One of the main issues emerging in the upcoming Winnipeg civic election (October) is whether or not the intersection at Portage and Main should be open to pedestrians. For those living outside of Winnipeg this may seem like a fairly innocuous issue, but it has animated strong reactions from both sides of the aisle. Recently it was announced that the issue will appear on the ballot this fall as referendum. The purpose of this article is not to break down the minutia of the debate, but instead to talk about the massive opportunity it is for those who want a less car-dependent and more accessible city. Sadly, it seems that Winnipeg’s urbanists — while talking a good game — lack the organizing chops to get it done.

If you are unfamiliar with the back story detailing why Portage and Main was closed in the first place, read this article from CBC Manitoba.

Opening Portage and Main has long been something urbanists in Winnipeg have wanted. During the last civic election, mayor Brian Bowman said that he would open up the intersection. Since then he has stalled on the issue and shown a willingness to support the referendum. The reaction from urbanists in Winnipeg was a meltdown. Long Twitter threads were written, and angry blog posts published. For the most part, the anger was petulant and misplaced.

Below, in bold, I have outlined some of the typical reactions and tried to explain why they represent a wrongheaded approach to the issue.

But Bowman said he would open Portage and Main!
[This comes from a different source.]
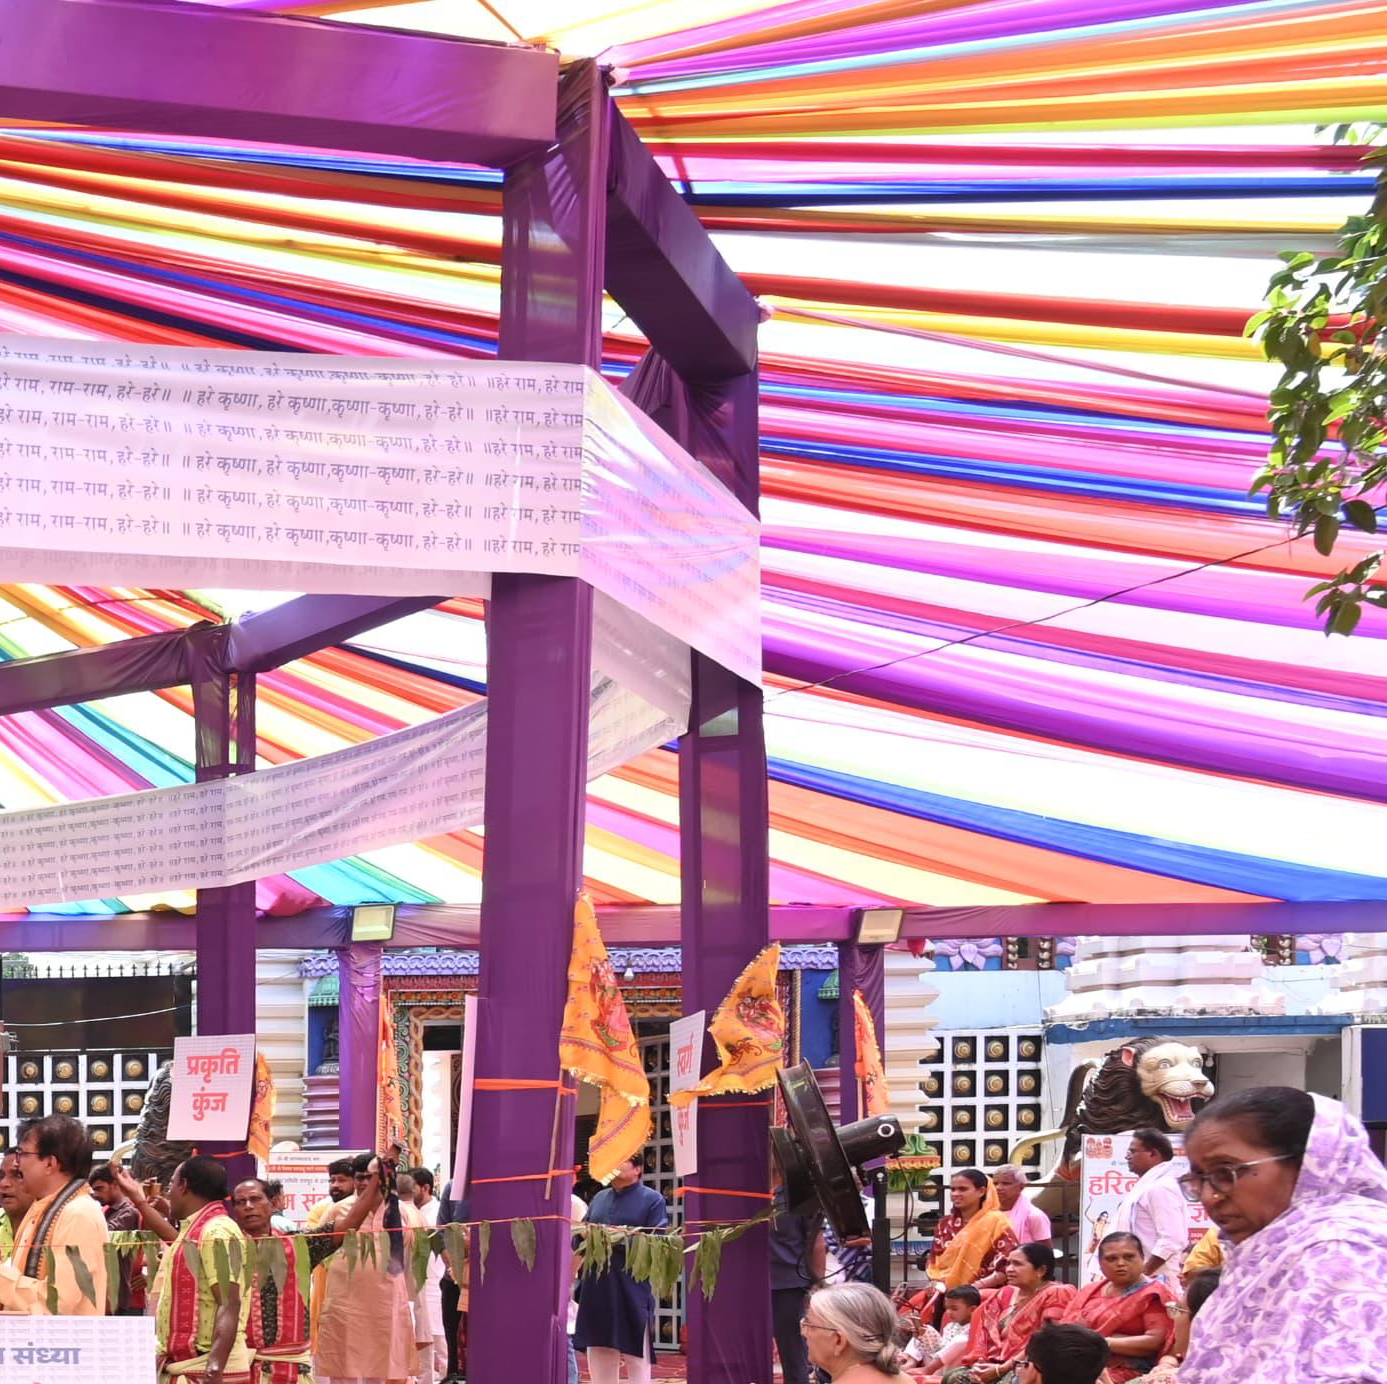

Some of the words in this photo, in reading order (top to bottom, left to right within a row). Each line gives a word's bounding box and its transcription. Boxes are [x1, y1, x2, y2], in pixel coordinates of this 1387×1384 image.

It was an election promise!

So? Sorry to break it to you, but politicians don’t always follow through on their promises, and when there is little pressure coming their way there is little incentive to do so. This isn’t cynical, this is just a statement of fact backed up by reading history and taking away key lessons. Politicians are generally opportunists and if they sense the winds blowing in one direction they will go in that direction. The tasks is to make the winds blow in the direction you want.

This referendum is a cheap political trick. We elect politicians to make decisions. Why should we leave it to the general population to make this decision?
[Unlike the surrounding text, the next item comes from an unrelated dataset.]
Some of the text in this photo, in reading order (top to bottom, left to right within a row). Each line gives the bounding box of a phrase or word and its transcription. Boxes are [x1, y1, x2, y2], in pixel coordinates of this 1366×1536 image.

Yes the referendum is a cheap political trick but it was not unpredictable. Outrage over the referendum question from the pro side is directly proportional to their lack of faith in organizing around the issue. For people who claim to want the best for Winnipeg, they don’t hold their fellow citizens in high regard. This is very telling about what their ‘urbanism’ is really about.

The suburbs ruin everything in this city and hold the city back. People in the burbs are a bunch of uncultured rubes who don’t know what’s best for them.
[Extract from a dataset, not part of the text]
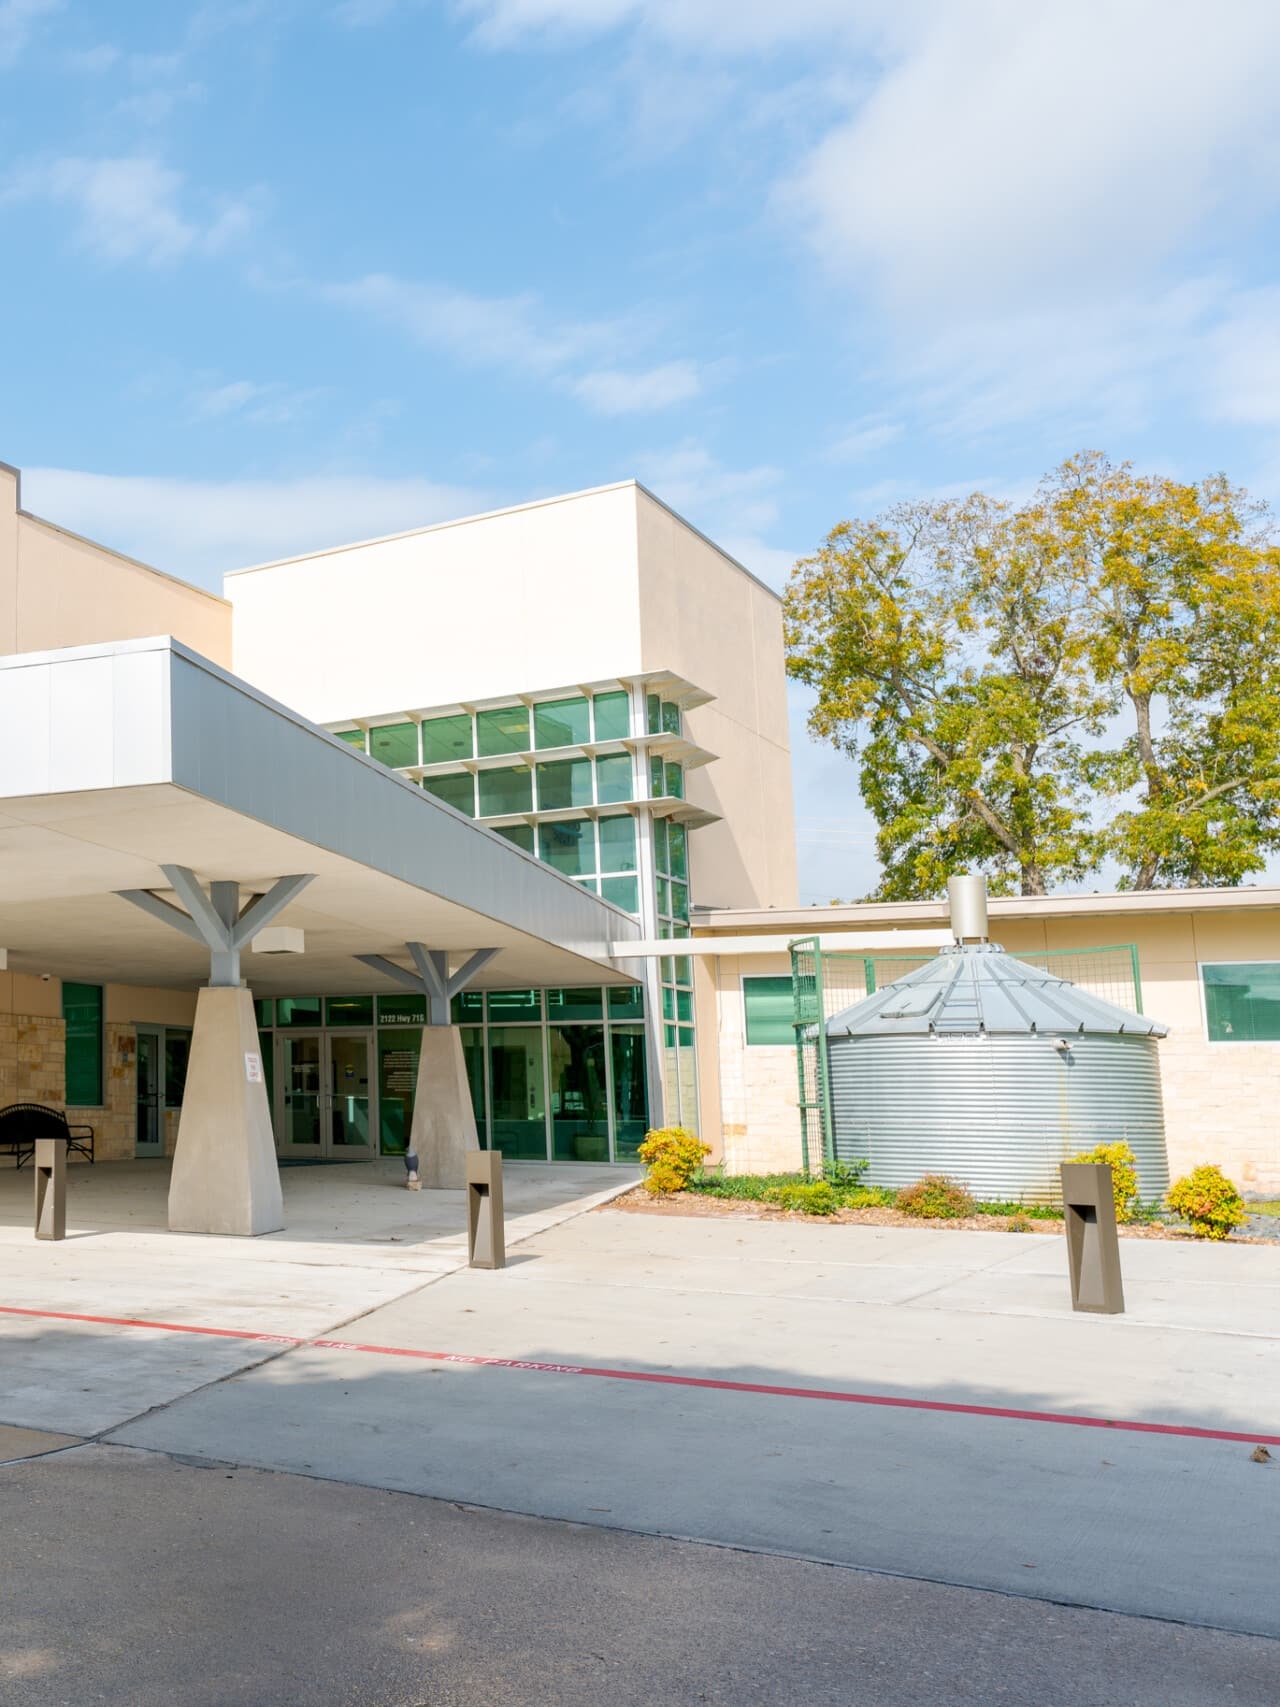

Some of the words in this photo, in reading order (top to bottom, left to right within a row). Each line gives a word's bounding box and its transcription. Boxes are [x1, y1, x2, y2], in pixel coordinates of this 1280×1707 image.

[397, 1014, 411, 1024] Hwy
[444, 1354, 476, 1363] NO
[481, 1358, 583, 1375] PARKING
When you get down to it, this is what animates many of the ‘urbanists’ in Winnipeg. The problem with this attitude is that it essentially means you are justified in throwing up your hands and never actually doing anything about it. More importantly, it reduces what are political and economic choices that have played out since the 1950s into personal lifestyle choices. It is infinitely easier to simply make wide sweeping claims about people who live in the suburbs rather than trying to understand how and why we got here. It is one thing to say you hate “car culture”; it is another to understand how car and oil companies spent massive amounts of money on PR campaigns to defund public transit.

It is one thing to say you hate the suburbs but its another thing to understand how housing policies and the mortgage and insurance industry contributed to the hollowing our of downtowns and inner cities across the continent. It is one thing to complain that the suburbs ruin everything in Winnipeg, but it is another to understand how the original plan of Unicity has been eroded, and democracy at city hall is pretty much non-existent today.

When you account for these economic and political factors, one comes to a fulsome picture: there is ample space to create a people’s urbanism in Winnipeg, one that brings together people from across the city (not just the privileged few) to prioritize public transit, accessibility, and robust local democracy. The referendum on Portage and Main this fall is the perfect chance to create it.

Scott Price is a labour historian and radio producer living in Winnipeg.